Вот так-то, друг. Слабопредставляемый прадед Данила привез в город пшеничку и, хорошо ее продав, направился якобы в «царев кабак», где на радостях мертвецки выпил, а при расплате у него обнаружили фальшивую «катьку», то есть ассигнацию с портретом Екатерины Второй Алексеевны, которая завоевала Крым, сочиняла романы и являлась приватной покровительницей упомянутого в эпиграфе французского писателя и просветителя Вольтера Мари Франсуа Аруэ, почетного члена Петербургской Академии наук (1746).
Вскричали! Были биты стекла! Через урочное время прадед Данила был направлен вместе с семьей осваивать сибирские пространства целинных и залежных земель.
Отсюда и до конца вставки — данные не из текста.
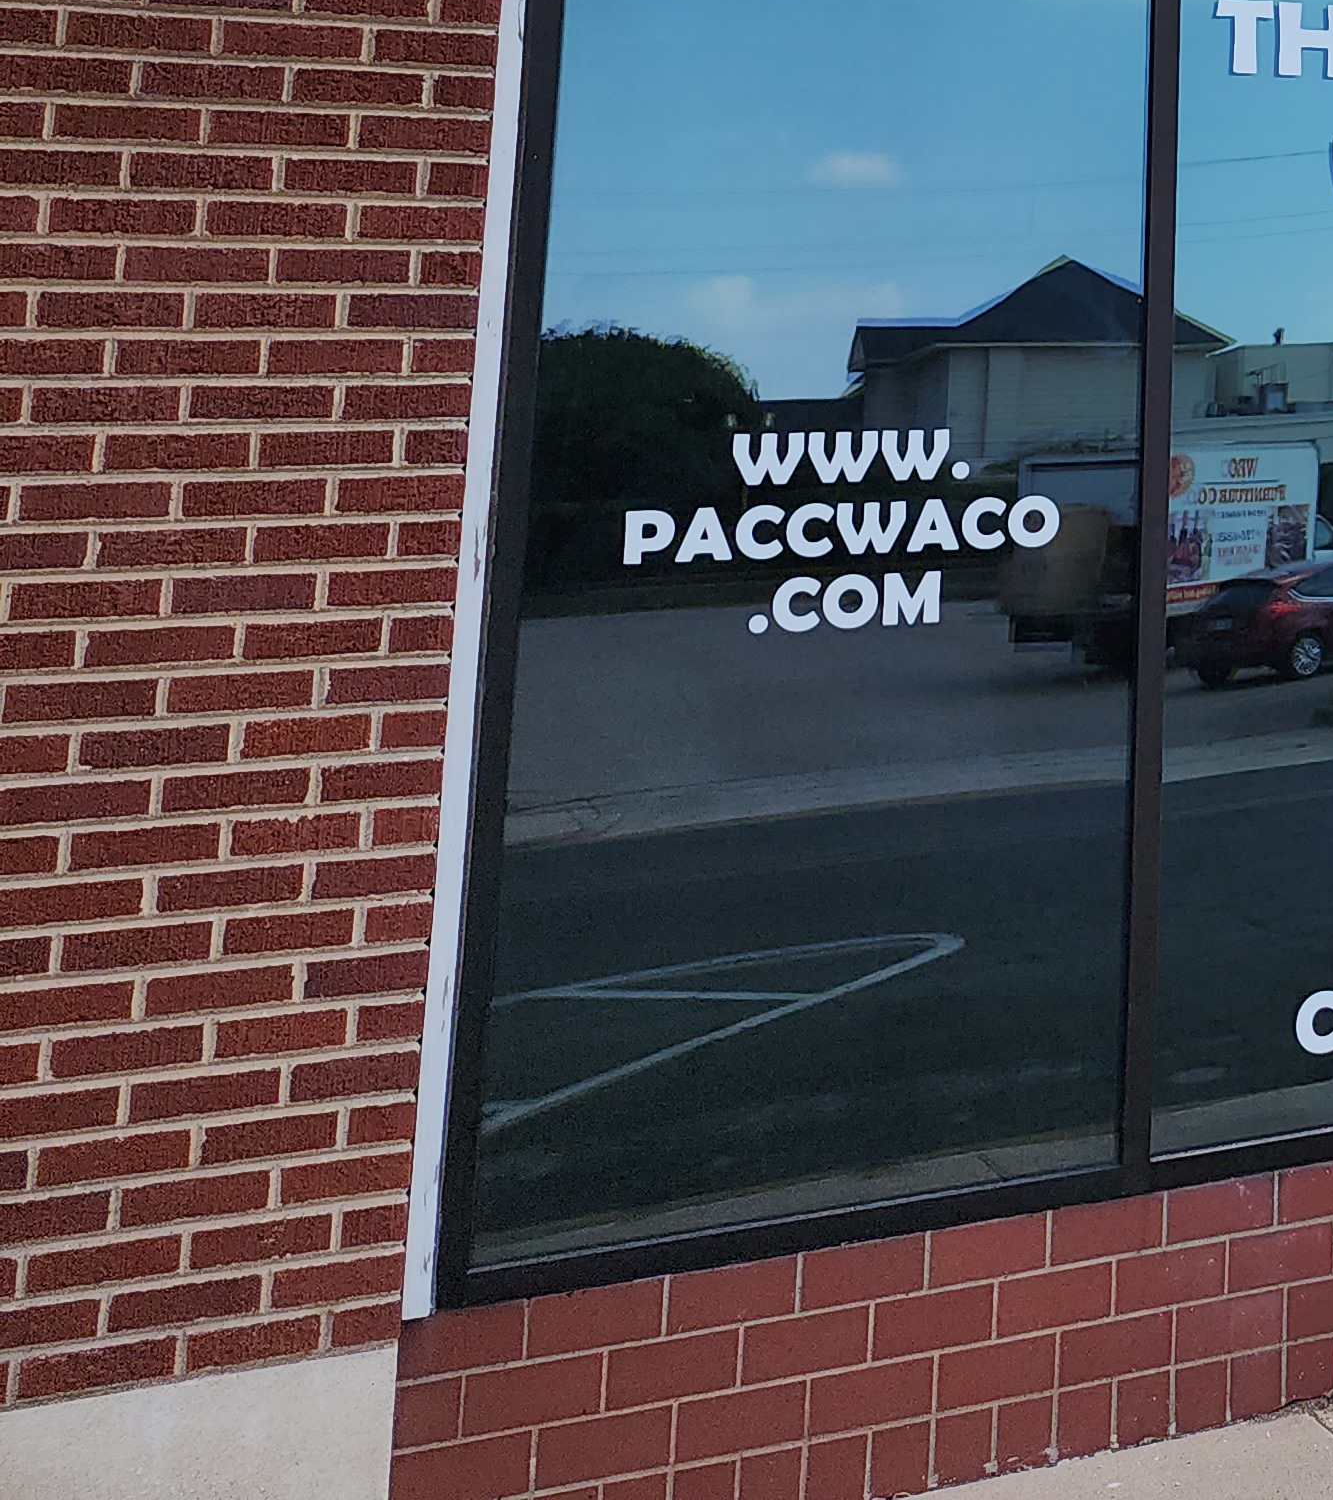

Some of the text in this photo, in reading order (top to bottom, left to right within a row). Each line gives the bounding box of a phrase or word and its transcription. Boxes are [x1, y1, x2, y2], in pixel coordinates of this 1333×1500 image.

[732, 428, 971, 486] WWW.
[623, 495, 1061, 565] PACCWACO
[747, 570, 942, 635] .COM
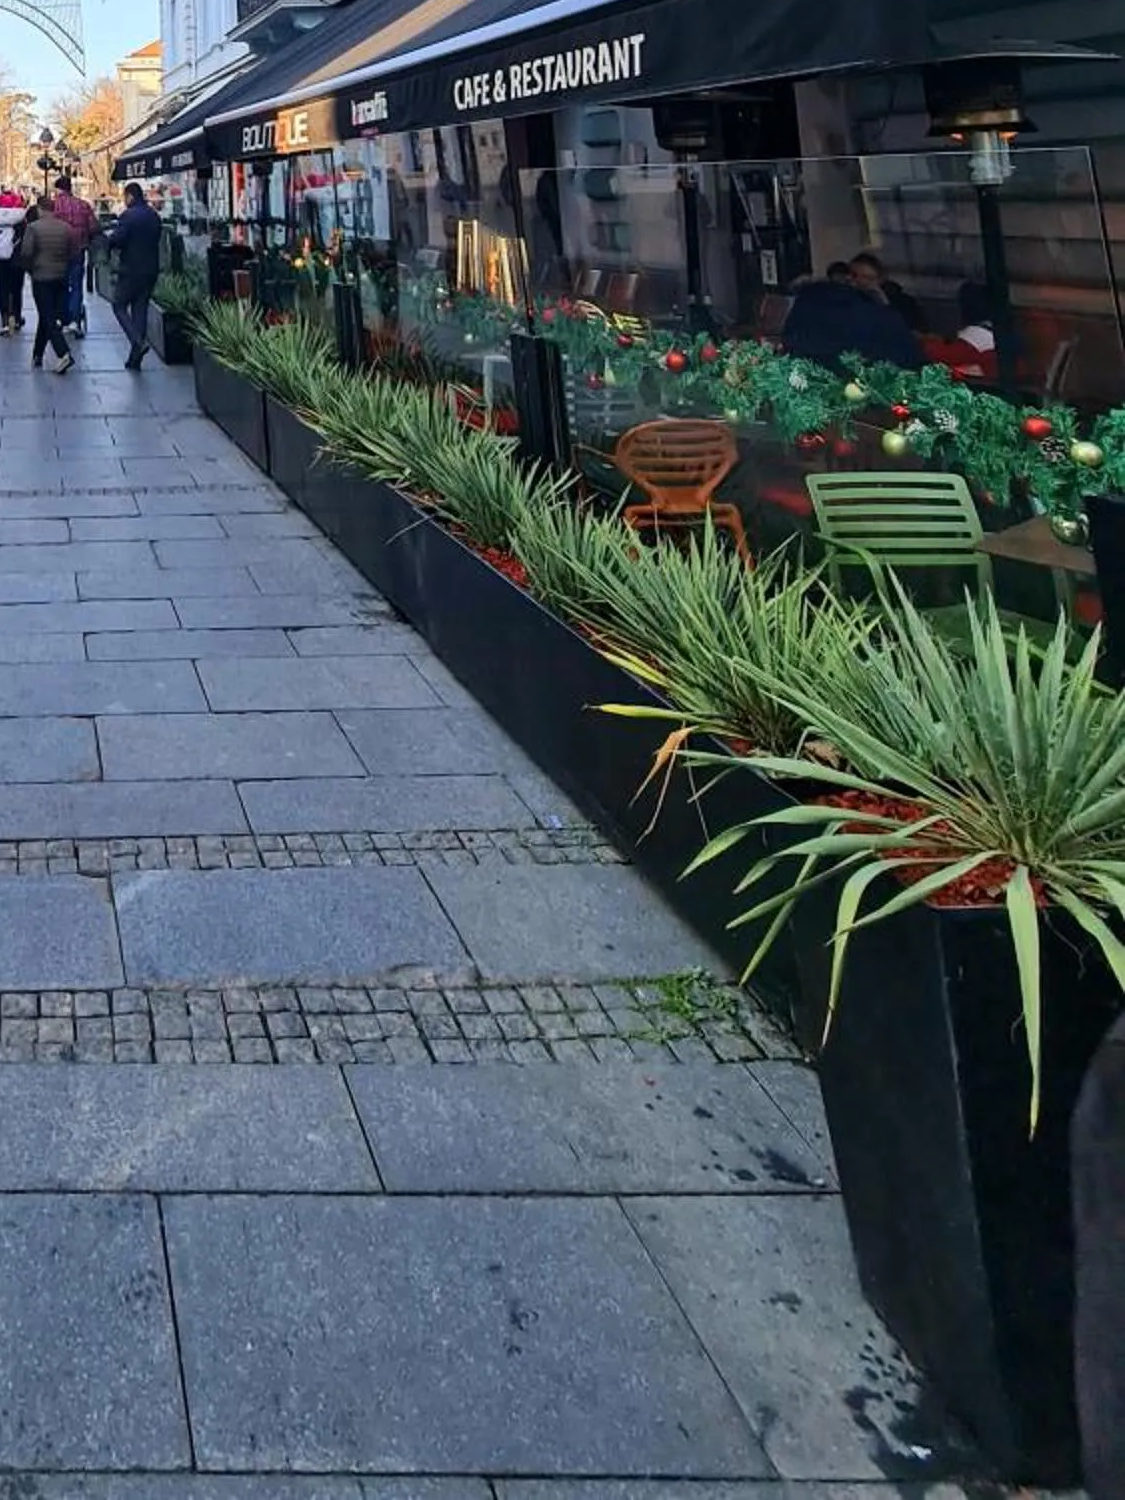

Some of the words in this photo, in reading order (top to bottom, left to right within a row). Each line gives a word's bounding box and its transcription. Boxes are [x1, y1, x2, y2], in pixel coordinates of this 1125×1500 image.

[454, 73, 490, 110] CAFE
[493, 69, 507, 104] &
[509, 33, 646, 100] RESTAURANT
[242, 111, 309, 153] BOUTIQUE
Деда Паша шагал за телегой, а деда Саша, как грудничок, сидел с женщинами в той же телеге. И в знойном мареве августовского полдня исчез славный город Таганрог, откуда не глядел им вслед А.П.Чехов, ибо он к тому времени тоже покинул родину и уехал в Москву, чтобы всерьез заняться литературой, хоть и в юмористических пока журнальчиках.
А недавно, Ферфичкин, вышел я из дому в Теплом Стане, чтобы купить сигарет «Астра», и, проходя мимо братского магазина «Ядран», увидел среди пестрой толчеи многонационального советского народа, приобретающего все, чем торгуют в этом магазине югославы, что к магазину лихо подкатывает машина «Жигули», за рулем которой сидит дурак с усами, цепочками, брелками, весь в коже и вельвете. А на ветровом стекле у него имеется значительная надпись, выполненная зарубежными зелеными буквами:
«TAGANY ROG»
– Ах ты, гад рогатый! – неизвестно почему обозлился я, тоскливо озираясь у закрытого табачного киоска. Хотя, собственно, что дурного, Ферфичкин, в такой идиотической надписи? Каждый тянется к культуре. Каждый шагает в ногу со временем. И если мне досталось получить привет с прародины таким образом, то и на это Божья воля – контакт есть, и я теперь окончательно вспомнил Tagany Rog, через который еще совсем недавно ехал в грязном поезде с битыми стеклами и драными дверьми, Таганрог, город, который мои предки покинули в XIX веке по независящим ни от кого обстоятельствам.